Minister Şimşek: The Currency Protected Deposit application will end soon.

Minister Şimşek: The Currency Protected Deposit application will end soon.

12.06.2025 10:40

The Minister of Treasury and Finance, Mehmet Şimşek, stated that the long-debated Currency Protected Deposit (KKM) application will soon come to an end. Minister Şimşek said, "In August 2023, KKM peaked at around 144 billion; today it has fallen below 15 billion dollars. We achieved this without disrupting the market. We will likely end this application soon."

The Minister of Treasury and Finance, Mehmet Şimşek, made important statements regarding the economy agenda during a live broadcast on NTV. Minister Şimşek announced that the Currency Protected Deposit (KKM) application will soon come to an end, stating, "In August 2023, KKM peaked at around 144 billion; today it has fallen below 15 billion dollars. We will likely end this application soon."

IMPORTANT STATEMENTS FROM MINISTER ŞİMŞEK

Highlights from Minister Şimşek's statements are as follows: "The program is generally yielding results within the framework I anticipated. The main goal of the program is to permanently reduce inflation to single digits. Inflation is decreasing and will continue to decrease.

Our other goal is a sustainable current account deficit; we have achieved the desired result there as well. The current account deficit has been below 1% of national income for a long time. The budget deficit is relatively high, but we are successfully addressing the aftermath of the earthquake. There is also a decrease in the budget deficit. We are implementing a serious program to significantly reduce the budget deficit, which is 4.9 this year.

In August 2023, KKM peaked at around 144 billion; today it has fallen below 15 billion dollars. We achieved this without disrupting the market. We will likely end this application soon.

"BUDGET DEFICIT IS DECREASING, CURRENT ACCOUNT DEFICIT HAS DECREASED"

Another important issue was to ensure reserve accumulation in the country. When we look at reserve revenues, there is a net increase of 90 billion dollars. There is also a gross increase of 55-60 billion dollars. The program is yielding results as anticipated; inflation is decreasing, the budget deficit is decreasing, the current account deficit has decreased, and we have reduced certain risks at a sustainable level, increasing the resilience of the economy.

This program has successfully navigated two major shocks, initially from domestic sources and later from external sources, that occurred in March-April. A program that has overcome two major shocks in succession means strengthening Turkey's economy.

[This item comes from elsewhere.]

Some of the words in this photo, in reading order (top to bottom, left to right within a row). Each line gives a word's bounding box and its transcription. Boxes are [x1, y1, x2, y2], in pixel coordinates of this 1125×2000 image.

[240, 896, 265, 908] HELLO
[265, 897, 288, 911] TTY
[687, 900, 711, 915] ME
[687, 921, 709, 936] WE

"TURKEY'S NEED FOR EXTERNAL RESOURCES HAS DECREASED SIGNIFICANTLY"

Fundamentally, confidence in the program continues. Gross reserves have fallen from over 170 billion dollars to below 140 billion dollars. Reserves have significantly recovered. Turkey's need for external resources has decreased significantly.

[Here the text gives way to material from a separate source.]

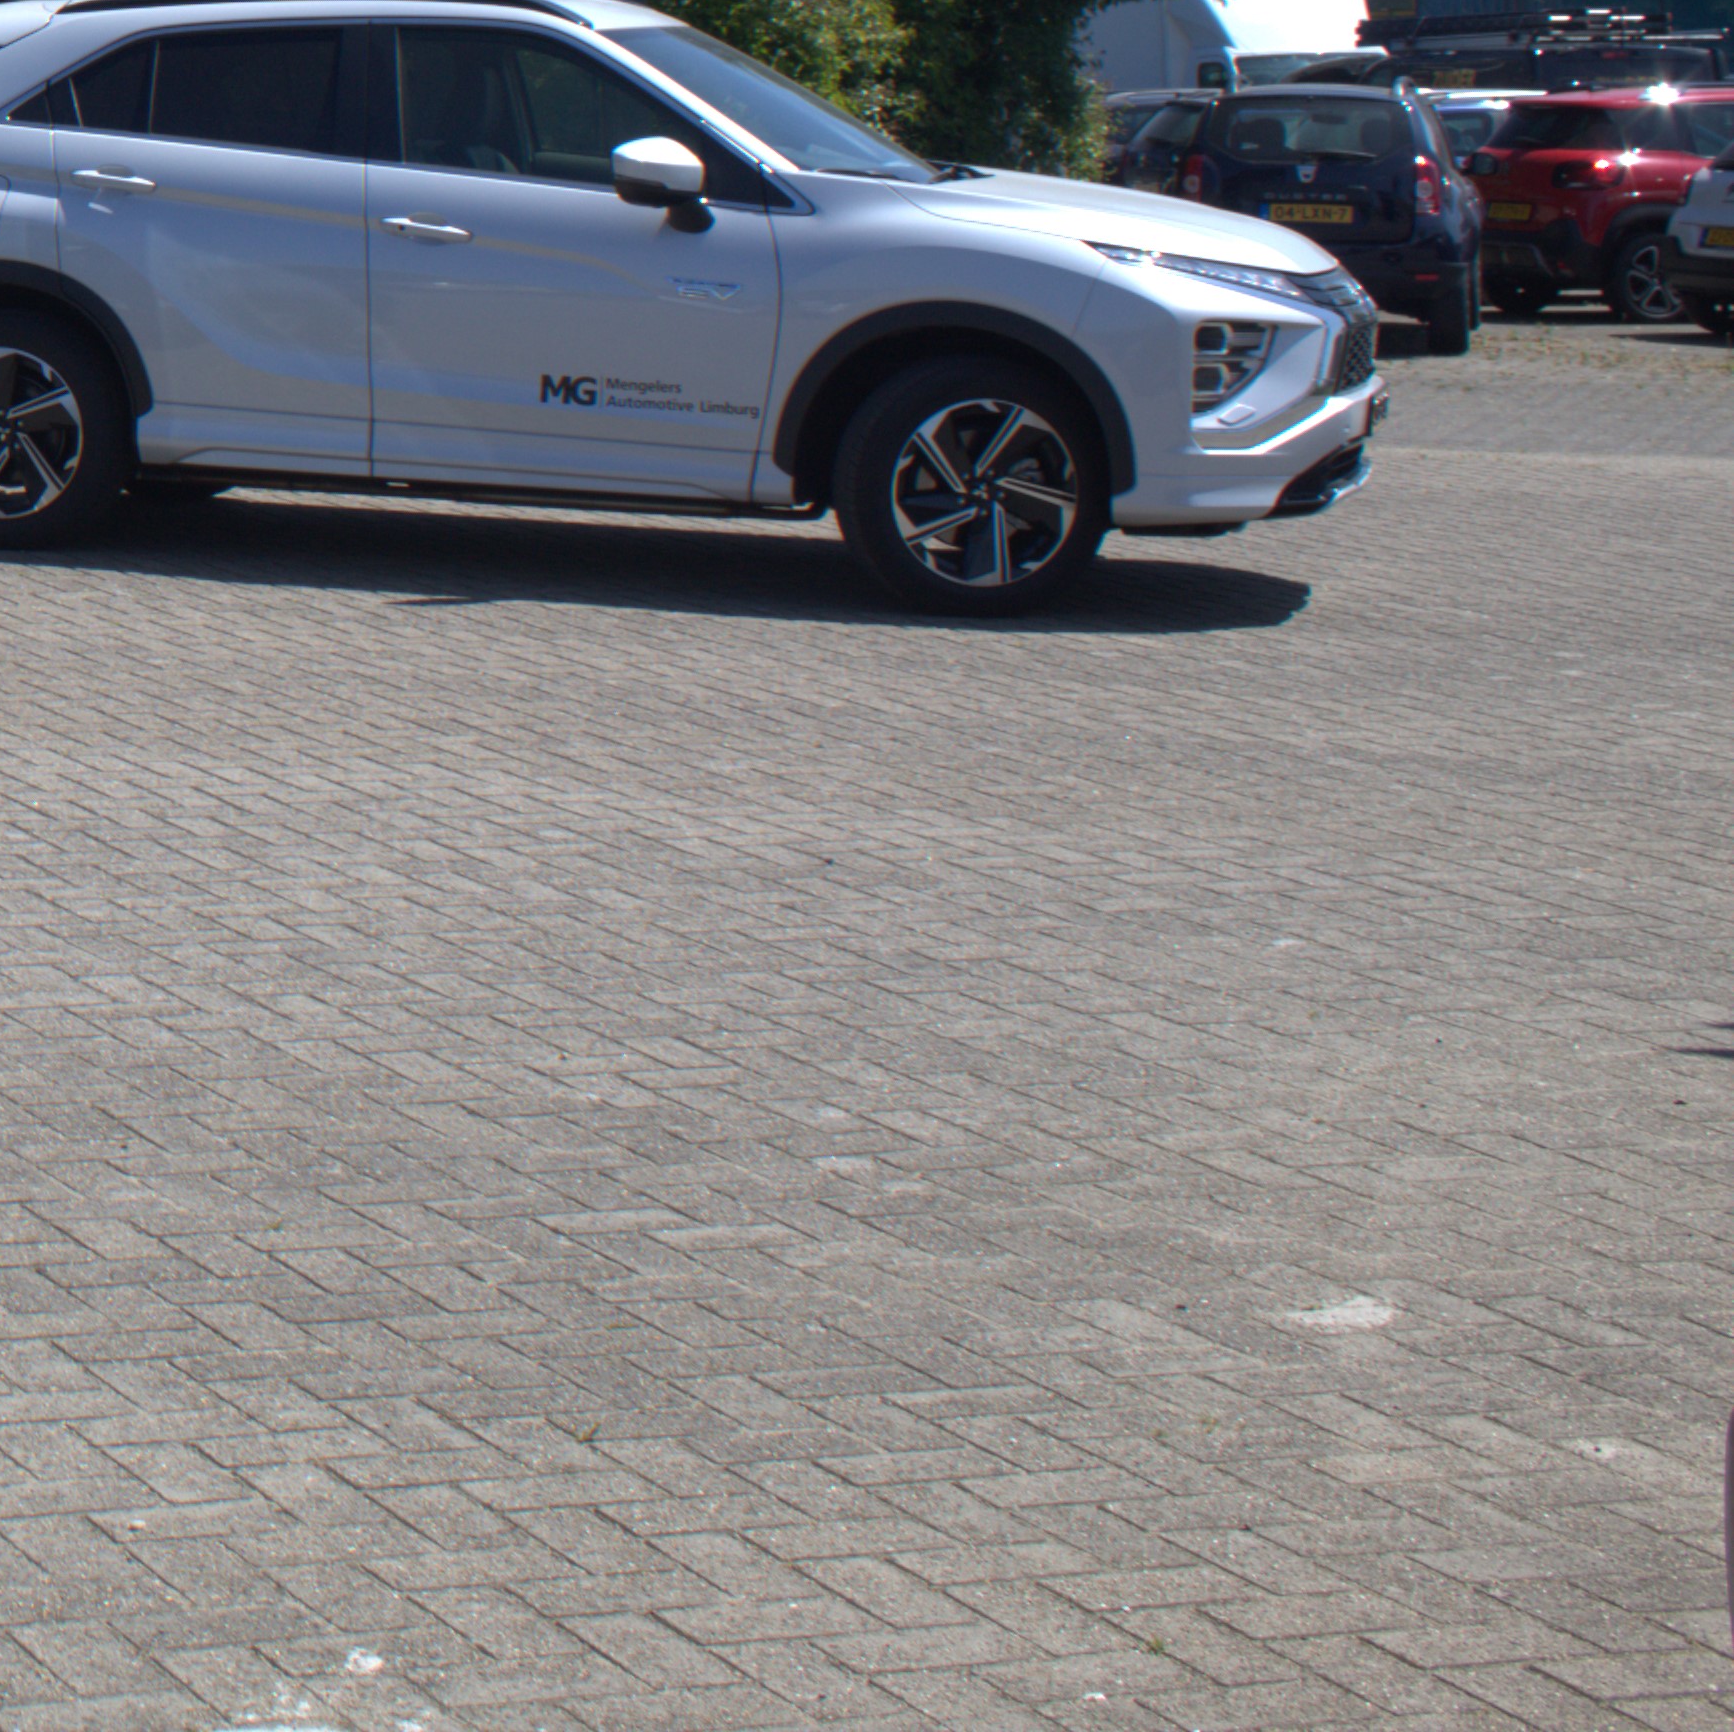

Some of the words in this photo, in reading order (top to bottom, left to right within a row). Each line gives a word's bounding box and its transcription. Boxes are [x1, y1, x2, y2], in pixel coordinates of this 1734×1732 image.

Since the end of May 2023, there has been a decrease of 410 basis points in Turkey's risk premium. During that period, emerging markets experienced a decrease of 40 basis points. Turkey has performed 10 times better than emerging markets. We will consider the target inflation in the prices set by the public.

"WE HAVE NO CONCERNS ABOUT RESERVES"

In Turkey, the long-term reserve average from 2003 to 2023 was 0.9, while it dropped to 0.7 in May 2023. At the end of May, we are at 0.97. We have no concerns regarding reserve adequacy.